Released in 2006 as the last song on Wayne's mixtape Dedication 2, “Georgia...Bush” offers an unexpected turn towards the more “conscious” rap indicative of the underground groups I have analyzed prior. “Georgia...Bush” is a scathing protest track that speaks out against the government in general and President Bush in particular for their responsibility in the scale of the disaster that was Hurricane Katrina in 2005, where 1,836 people lost their lives either during the hurricane or in the aftermath of the floods. Lil Wayne critiques how the levees were allowed to break as a kind of conspiracy theory against poor southern blacks:

So what happened to the levies, why wasn't they steady?

Why wasn't they able to control this?

I know some folk that live by the levy

That keep on tellin me they heard explosions. (Lil Wayne, “Georgia...Bush”)

Wayne also cites another disaster in Louisiana’s history, Hurricane Betsy, drawing conspicuous parallels to the two events: “Same shit happened back in Hurricane Betsy / 1965, I ain't too young to know this / Young President Johnson but now it's 'Geeoorrggiiaa' Bush” (Lil Wayne, “Georgia...Bush”).. The sample “Georgia...” taken from “Georgia on my Mind” is a haunting remix of the legacy of racism in the South, a reference to Ray Charles in the 1960's and his refusal to play to a Jim Crow segregated audience in the state of Georgia. This reference works in Wayne's song as an implicit accusation of bigotry against George W. Bush in particular (“the one with the suit / thick white skin and his eyes bright blue”) and white supremacy in general (“We see them Confederate flags, you know what it is / A white cracker motherfucker that probably voted for him,”) channeling sentiments that Kanye West may have summed up best: “George Bush does not care about black people.”

“Georgia...Bush” runs at 8 minutes long, the track consisting of a second half that switches gears and collapses back into the juvenile gangsta trooping indicative of Wayne's obsession with capital when he raps:

Money money money get a dollar and a dick

Weezy Baby that crack, muthafucka get a fix

Got money out the ass, no homo but I'm rich

Bout to go get surgery and put some diamonds on my wrist (Lil Wayne, “Georgia...Bush”)

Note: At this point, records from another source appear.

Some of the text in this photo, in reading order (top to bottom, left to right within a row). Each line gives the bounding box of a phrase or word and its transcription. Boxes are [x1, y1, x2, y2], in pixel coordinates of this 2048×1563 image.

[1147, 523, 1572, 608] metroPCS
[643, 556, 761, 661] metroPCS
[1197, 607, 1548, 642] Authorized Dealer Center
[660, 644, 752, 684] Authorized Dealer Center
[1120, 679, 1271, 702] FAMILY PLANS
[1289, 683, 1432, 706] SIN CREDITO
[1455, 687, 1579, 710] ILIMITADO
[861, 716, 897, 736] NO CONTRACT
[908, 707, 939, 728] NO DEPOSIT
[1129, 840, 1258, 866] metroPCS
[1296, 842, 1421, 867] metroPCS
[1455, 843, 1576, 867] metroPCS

This uneasy tension between juvenile gangsta rap troping and serious 'conscious' rejoinders about Hurricane Katrina is found throughout all of Dedication 2, with positively charged messages directed at the disaster's victims scattered between Lil Wayne's swaggering. The most significant of these asides is an interlude directed at the “young money makers” out there on the streets of New Orleans, who Wayne claims he is proud to see “getting money in different ways” (Lil Wayne, “Dedication After Disaster”). The resulting collapse back into the economic grind is indicative not only of the state of New Orleans after Hurricane Katrina, but of where rappers and young black males stand as a whole in relation to American late-capitalism's status quo. The ideology of the hustle that Wayne posits isn't far off from most other rappers advocating the hustle – of drugs, of mixtapes, of rap - as a viable/lucrative source of income, as a way to make the best of a bad situation in which black disenfranchisement and low unemployment are a daily reality. When DJ Drama says “ thought we was done?,” it functions as a kind of provocation to work harder and keep on hustling by whatever means necessary, where if you “See us in ya city man, give us a pound / Cuz if a nigga still movin then he holdin it down” (Lil Wayne, “Georgia...Bush”). Even in just this line, the term “pound” functions as intentionally ambiguous doublespeak, alluding to both a literal “pound” of narcotics, as well as a “pound” of the fists, signifying mutual respect and a sense of comradery amongst the poundees.